El próximo 6 de septiembre de 2025, Ojacastro volverá a convertirse en el punto de encuentro de senderistas y amantes de la naturaleza con la celebración de la 11ª Marcha por las Aldeas de Ojacastro, una cita que combina deporte, tradición y convivencia.
La marcha arrancará a las 8:00 de la mañana y recorrerá 21 kilómetros de dificultad media, atravesando algunos de los parajes más espectaculares de la Sierra de La Demanda. El itinerario incluye el paso por lugares emblemáticos como el Refugio de Zabárrula, la Ermita de la Trinidad y Masoga, ofreciendo al caminante un mosaico de paisajes, historia y patrimonio natural.

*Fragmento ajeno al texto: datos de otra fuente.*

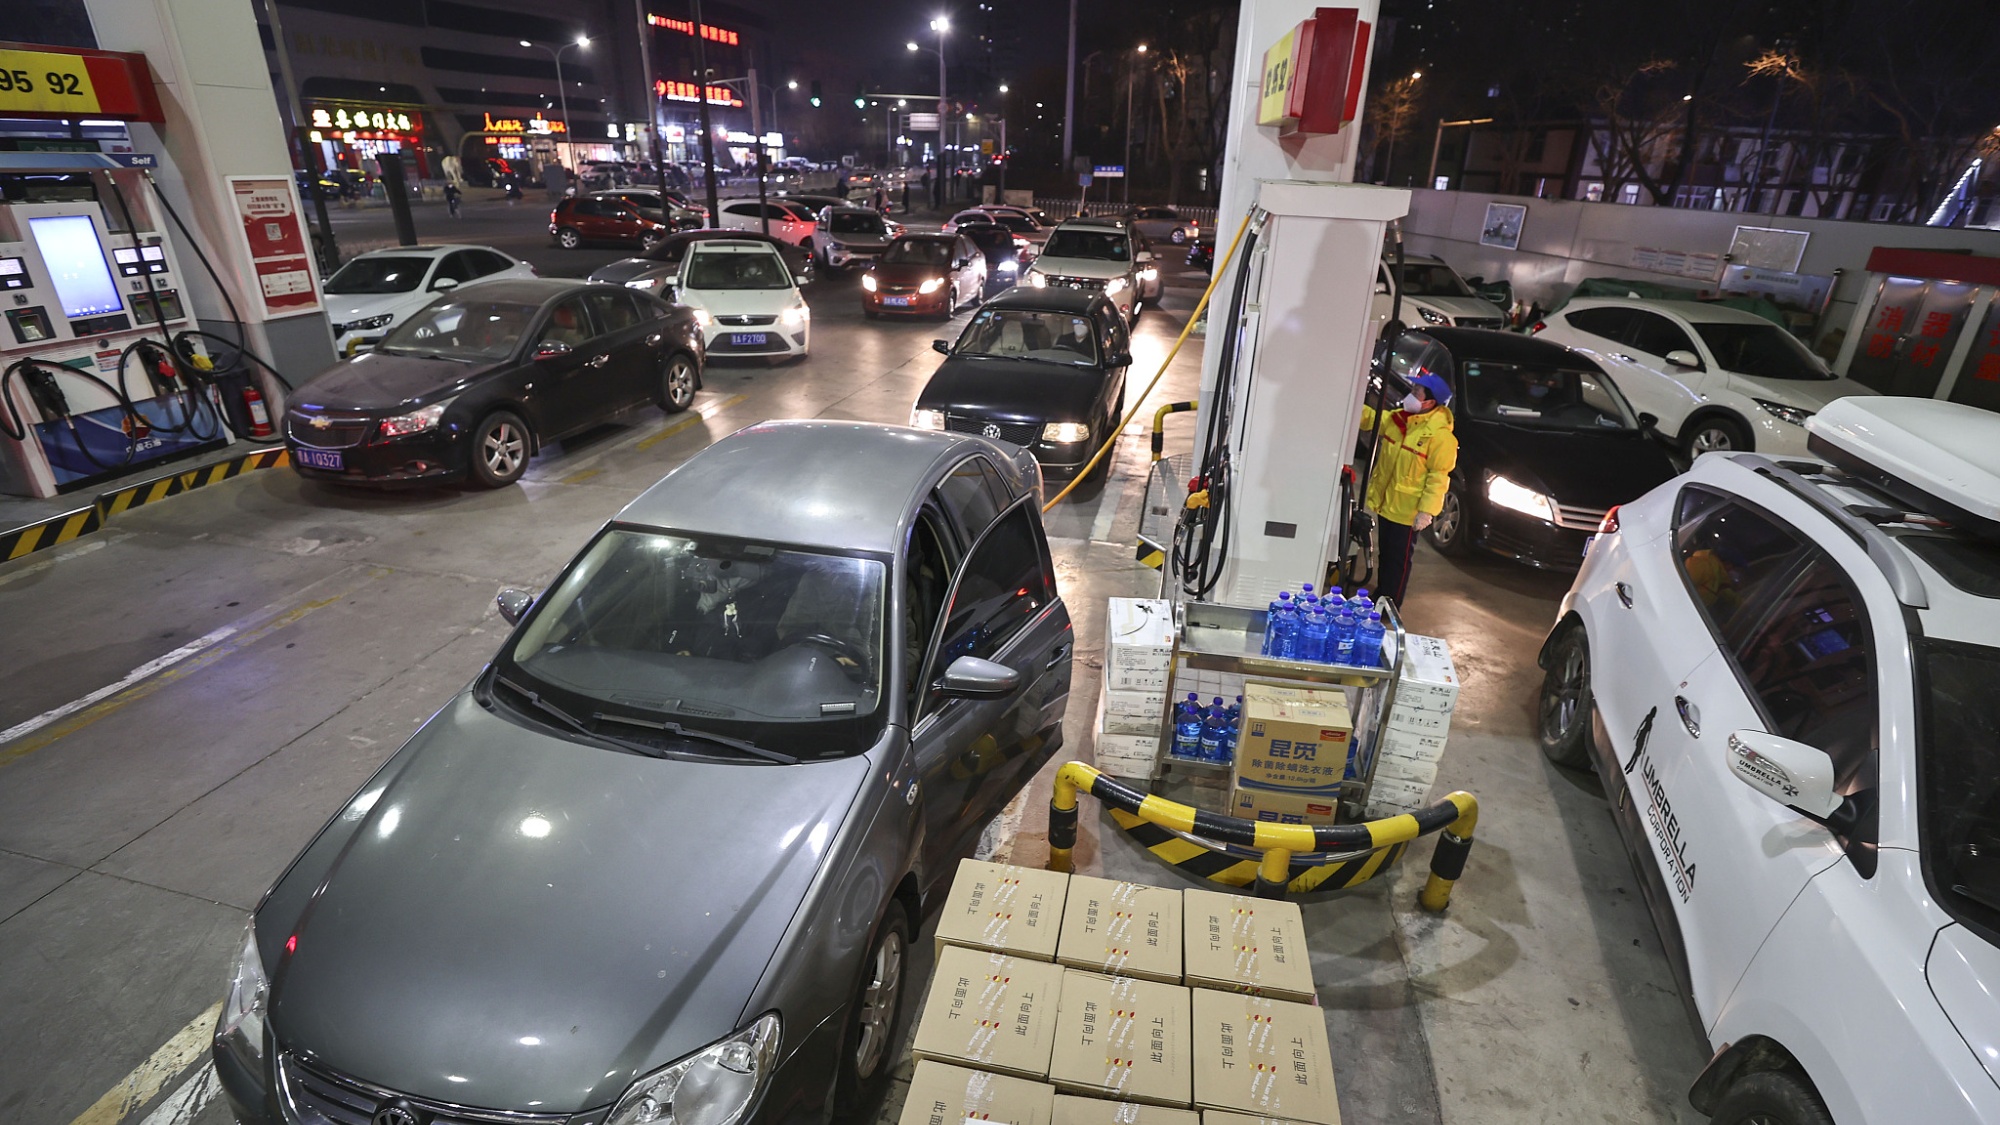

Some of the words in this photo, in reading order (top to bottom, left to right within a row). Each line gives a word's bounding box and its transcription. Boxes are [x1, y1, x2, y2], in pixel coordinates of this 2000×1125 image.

El evento, organizado por la Asociación Amigos de Ojacastro con la colaboración del Ayuntamiento, asociaciones locales y numerosos patrocinadores, está limitado a 350 participantes. La inscripción tiene un precio de 15 euros hasta el 3 de septiembre, y 20 euros el mismo día de la marcha. El pago se puede realizar a través de Ibercaja (IBAN: ES25 2085-6016-70-01-018236-65), indicando nombre y apellidos de cada participante.
Además, los participantes recibirán camiseta conmemorativa, dos avituallamientos, comida y seguro. Las acreditaciones podrán recogerse el día 5 de septiembre de 20:00 a 22:00 horas en El Fielato, o bien el mismo día de la prueba, una hora antes de la salida.

La Marcha por las Aldeas de Ojacastro es ya una cita consolidada en el calendario riojano. Más allá del reto deportivo, se trata de una jornada festiva y de convivencia en la que vecinos y visitantes comparten el esfuerzo, la belleza de los paisajes y el espíritu de comunidad que caracteriza a este municipio serrano.
El perfil de la ruta, con desniveles que alcanzan los 1.306 metros, añade un punto de desafío, aunque sin perder su carácter popular y accesible. Aquí lo importante no es solo llegar, sino disfrutar del camino: los aromas del monte, las vistas que se abren tras cada curva y la camaradería que se respira entre los participantes.
Ojacastro invita, una vez más, a caminar y descubrir. Porque en cada piedra del sendero y en cada sombra del bosque late una historia, y la mejor forma de escucharla es recorrerla con botas y mochila.